17 Ways Data Science Is Demystifying the Unknown
Data scientists tackle questions about the future. They start with big data, characterized by the three V’s: volume, variety and velocity. Then, they use it as fodder for algorithms and models. The most cutting-edge data scientists, working in machine learning and AI, make models that automatically self-improve, noting and learning from their mistakes.
Data scientists have changed almost every industry. In medicine, their algorithms help predict patient side effects. In sports, their models and metrics have redefined “athletic potential.” Data science has even tackled traffic, with route-optimizing models that capture typical rush hours and weekend lulls.
Data science shouldn’t be confused with data analytics. Both fields are ways of understanding big data, and both often involve analyzing massive databases using R and Python. These points of overlap mean the fields are often treated as one field, but they differ in important ways.

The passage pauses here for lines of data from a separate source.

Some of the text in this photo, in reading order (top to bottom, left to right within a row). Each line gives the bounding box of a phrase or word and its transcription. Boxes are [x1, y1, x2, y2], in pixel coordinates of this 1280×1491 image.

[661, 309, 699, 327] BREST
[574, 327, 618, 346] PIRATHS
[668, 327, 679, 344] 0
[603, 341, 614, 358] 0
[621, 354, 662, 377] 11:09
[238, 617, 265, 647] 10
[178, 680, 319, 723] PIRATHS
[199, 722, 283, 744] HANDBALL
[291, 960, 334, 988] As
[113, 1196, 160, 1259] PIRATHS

For one, they have different relationships with time. Data analysts synthesize big data to answer concrete questions grounded in the past, e.g., “How has our subscriber base grown from 2016 to 2019?” In other words, they mine big data for insights on what’s already happened. Meanwhile, data scientists build on big data, creating models that can predict or analyze whatever comes next.

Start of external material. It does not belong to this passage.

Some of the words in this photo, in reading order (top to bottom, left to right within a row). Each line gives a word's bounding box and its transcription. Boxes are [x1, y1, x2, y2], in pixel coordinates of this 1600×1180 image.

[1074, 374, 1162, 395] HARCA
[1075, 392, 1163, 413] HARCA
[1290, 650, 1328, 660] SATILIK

Of course, it’s impossible to perfectly model all the complexities of real life. As statistician George E.P. Box famously put it, “All models are wrong, but some are useful.” Still, data science at its best can make informed recommendations about key areas of uncertainty.
We’ve rounded up 17 examples of data science at work, in areas from e-commerce to cancer care.
Back in 2008, data science made its first major mark on the health care industry. Google staffers discovered they could map flu outbreaks in real time by tracking location data on flu-related searches. The CDC's existing maps of documented flu cases, FluView, was updated only once a week. Google quickly rolled out a competing tool with more frequent updates: Google Flu Trends.
But it didn’t work. In 2013, Google estimated about twice the flu cases that were actually observed. The tool’s secret methodology seemed to involve finding correlations between search term volume and flu cases. That meant the Flu Trends algorithm sometimes put too much stock in seasonal search terms like “high school basketball.”
Even so, it demonstrated the serious potential of data science in health care. Here are some examples of more powerful and precise health care tools developed in the years after Google’s initial attempt. All of them are powered by data science.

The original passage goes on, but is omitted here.